Domestic abuse hems in the growth and development of an individual which leads their self-worth to go downhill. Be it a man or a woman, any abuse is not to be tolerated no matter how bagatelle or serious the situation is. Perhaps the first step to deal with male domestic abuse is to eliminate the preconceived stereotypes which make a man look weak in his own eyes. An extended hand asking for support and help is, in fact, a sign of courage and not helplessness. 

If you find yourself in an abusive relationship, here are some ways to deal with it:

1. Break-off from the relationship: No matter how many years have been invested to retain the relationship, if you find yourself being abused by your loved ones to the point that your mental, as well as physical health, have been deteriorated, it is best to break it off then and there.
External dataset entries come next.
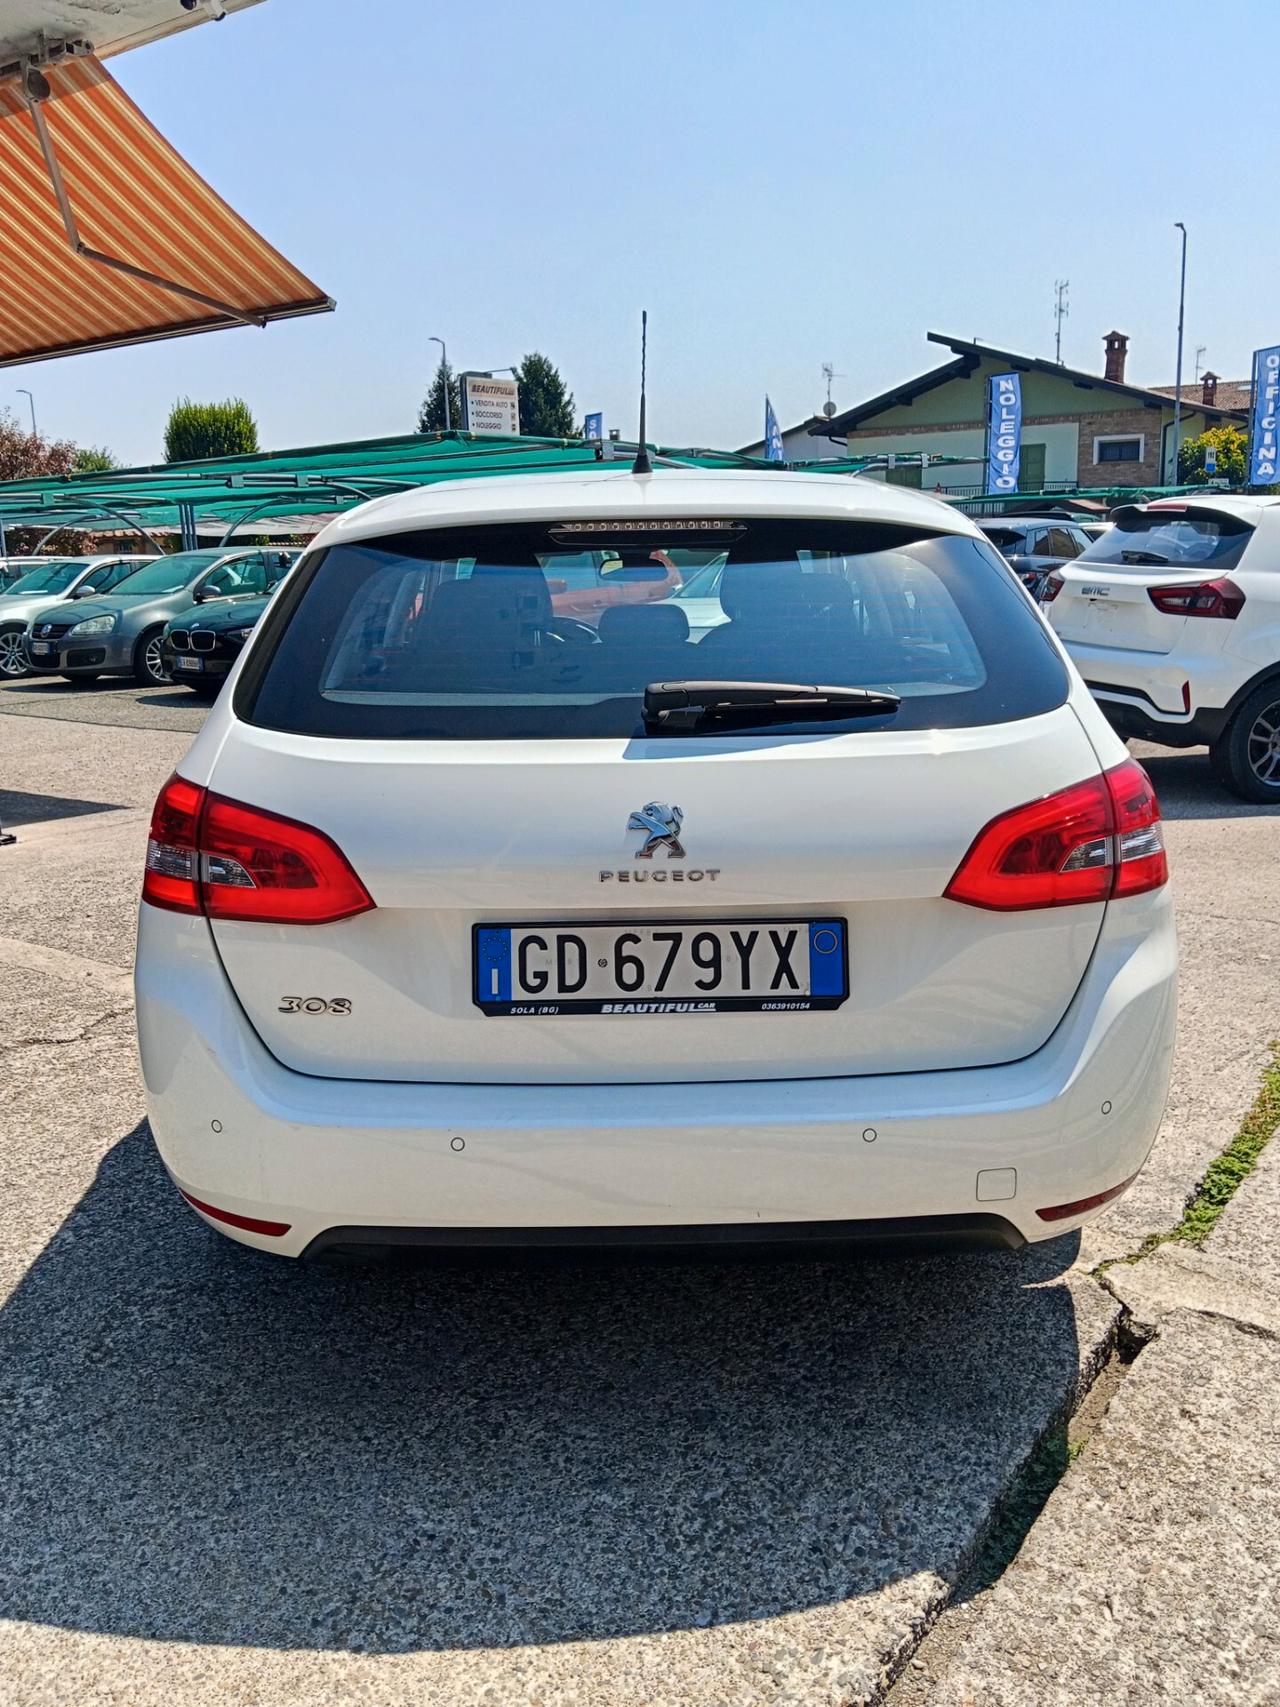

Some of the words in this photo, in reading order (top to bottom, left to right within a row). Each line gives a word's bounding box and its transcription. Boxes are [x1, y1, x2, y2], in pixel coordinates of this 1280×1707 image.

[472, 384, 509, 395] BEAUTIFUL
[1257, 355, 1280, 475] OFFICINA
[995, 379, 1017, 490] NOLEGGIO
[599, 869, 721, 883] PEUGEOT
[518, 933, 588, 995] GD
[614, 929, 800, 993] 679YX
[278, 996, 352, 1016] 308
[510, 1006, 535, 1015] SOLA
[538, 1006, 559, 1015] (BG)
[761, 1002, 811, 1011] 0363910154
Compromises are required in any relationship, but they should not be maintained at the cost of your inner peace. 

2. Stop arguing: More often than not, abusive partners tend to provoke their male counterparts which consequently leads them to play the victim card. Therefore, whenever you find yourself slipping into a heated conversation with your abusive partner, avoid retaliating or arguing as it could make things difficult for you.

3. Collect evidence: If you have been living with your abusive partner for years, it is certainly difficult to prove them a culprit in the eyes of law. Therefore, it is extremely prudent to gather as much evidence as you can collect to make your case stronger. Although it is difficult to fight against the people you once loved, but remember that, it is also necessary to stand for yourself when your life is at stake. 

No matter what happens, always remember that you do not deserve domestic violence. It is not your fault if you talk to your female friends nor when you like your pink shirt. You’re not the one who is to blame.